昭和二〇年八月六日の忘れる事の出来ない強烈な想い出を記述したい。
一、 当日、午後六時頃学徒動員(現三菱重工)から学友二人で帰宅途中、相生橋上から太田川を眺めると、川底は死体がいっぱいで、どこまでも白く見えた。
二、 現在の原爆ドーム前に、一頭の馬の死がいが横たわっていただけで、生存者は勿論、死亡した人も紙屋町電停まで一人も見えなかった。

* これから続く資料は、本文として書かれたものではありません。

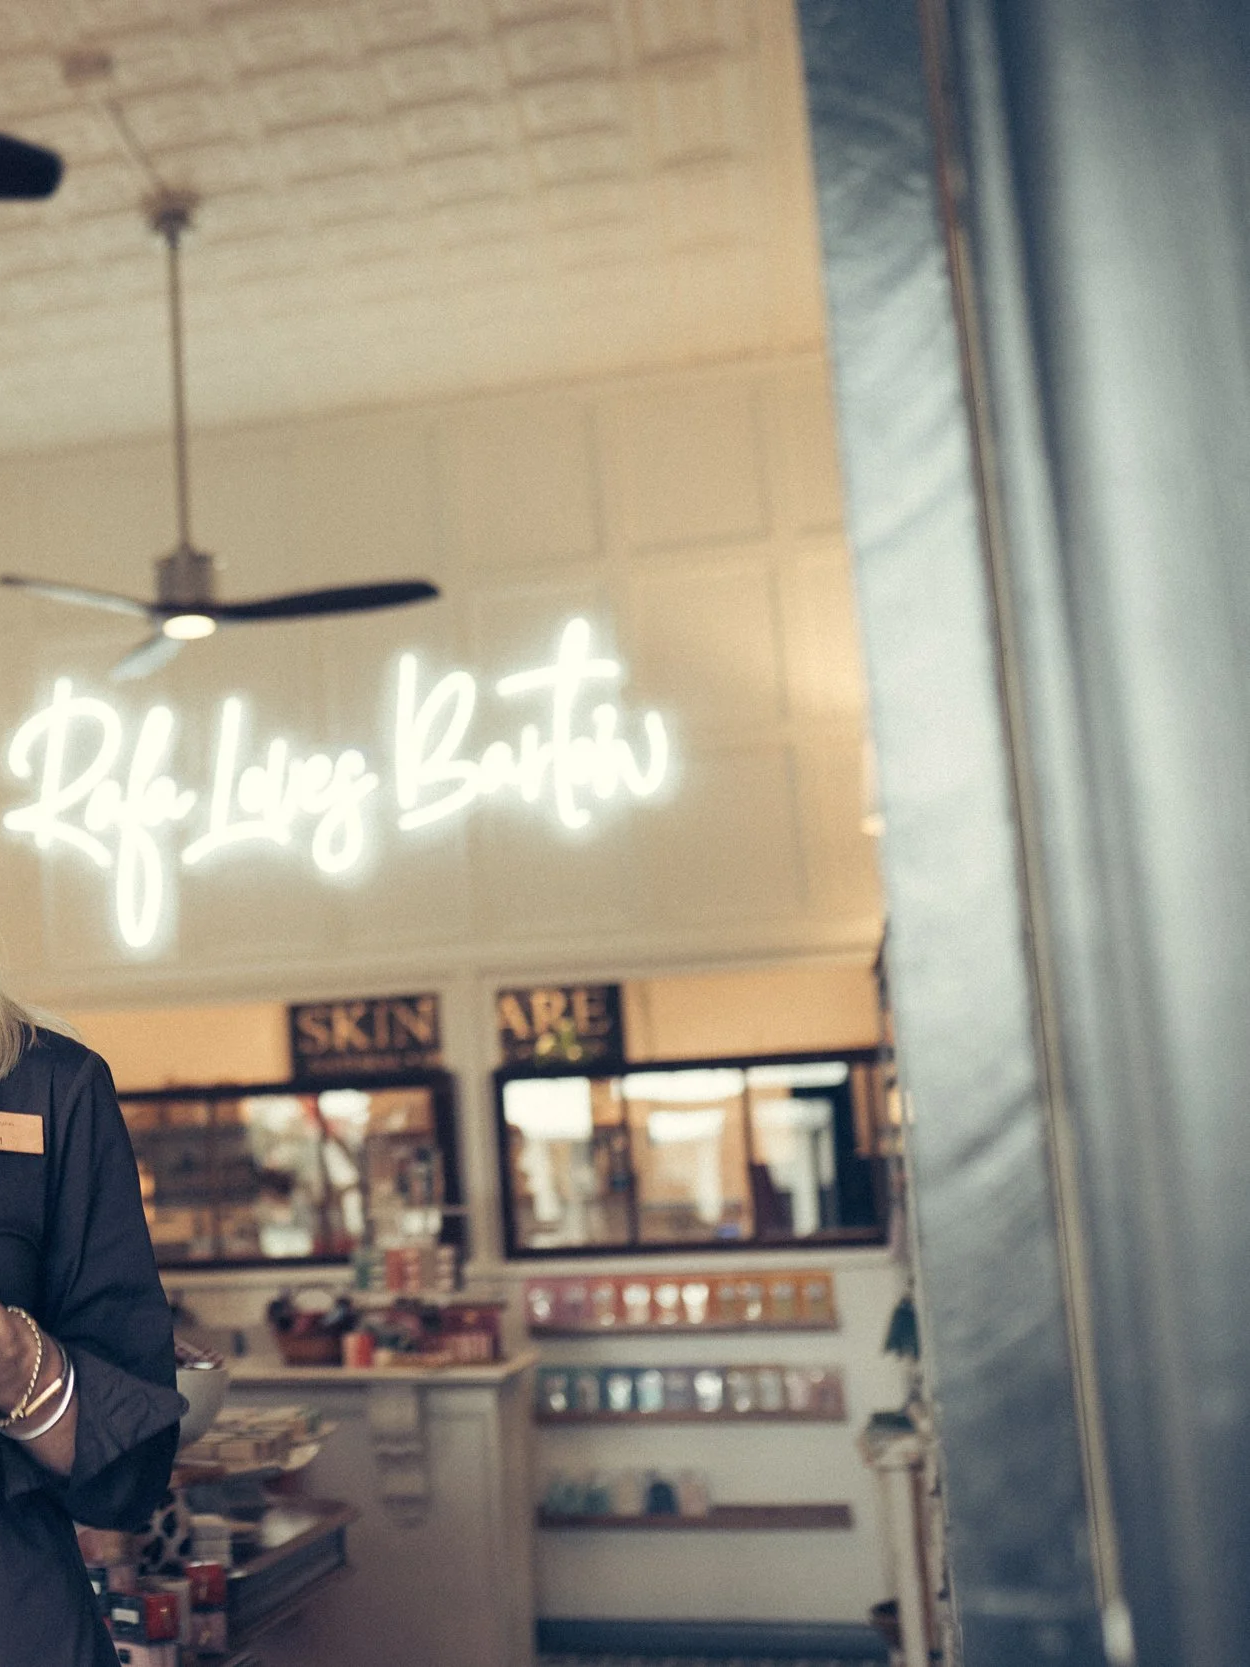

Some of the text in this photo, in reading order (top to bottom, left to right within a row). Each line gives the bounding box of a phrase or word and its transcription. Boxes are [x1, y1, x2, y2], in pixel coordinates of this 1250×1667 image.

[182, 697, 379, 873] Loves
[296, 997, 438, 1053] SKIN
[499, 985, 610, 1041] ARE

三、 現在は、紙屋町交差点の道路部分となっていると思われるが、交差点の東北の角地附近で二人の人間とも思えぬ重傷の方が突然顔を上げて、「そこの学生さん、水を頂戴や」差し上げる水もあろうはずもなく、頭を下げて立ち去ってしまった。
あのふり絞るような弱々しい声は、紙屋町交差点を毎日歩く私には、五〇年の歳月は過ぎ去ったとは云っても、とても、とてもつらい気持です。
四、 八丁堀方面は、未だ火災で市電の軌道が歩けないと思われたので、左折し西練兵場(現県庁庁舎敷地)まで来ると、日本刀を抜刀した将兵が一人立っていた。あの鬼神とも思える恐しい顔は、それまで幾多の死体を見ても無感情となってしまっていた私であったが、ゾーッとする背すじの寒さを覚えたことを思い出す。
五、 山陽本線の線路まで出る途中のどのあたりだったか、太田川にたくさんの被災者が川に入っていた。消防団の人から「学生さん川に入っている人を早く助けないとおぼれてしまうので、手伝ってくれ」と云われたが、暗くはなって来るし、自分の家がどうなっているのかもわからない不安もあったため、「すみません、家に帰して下さい」とお願をし帰宅してしまったが、これも私の忘れる事の出来ない一コマです。
六、 翌八月七日からは、学徒動員で帰宅しない妹を捜すため、家族と比治山、宇品等々の小学校、被服廠など捜し歩いたが、運動場に死体を山の様に積んでは焼却してしまう様子も忘れる事は出来ない。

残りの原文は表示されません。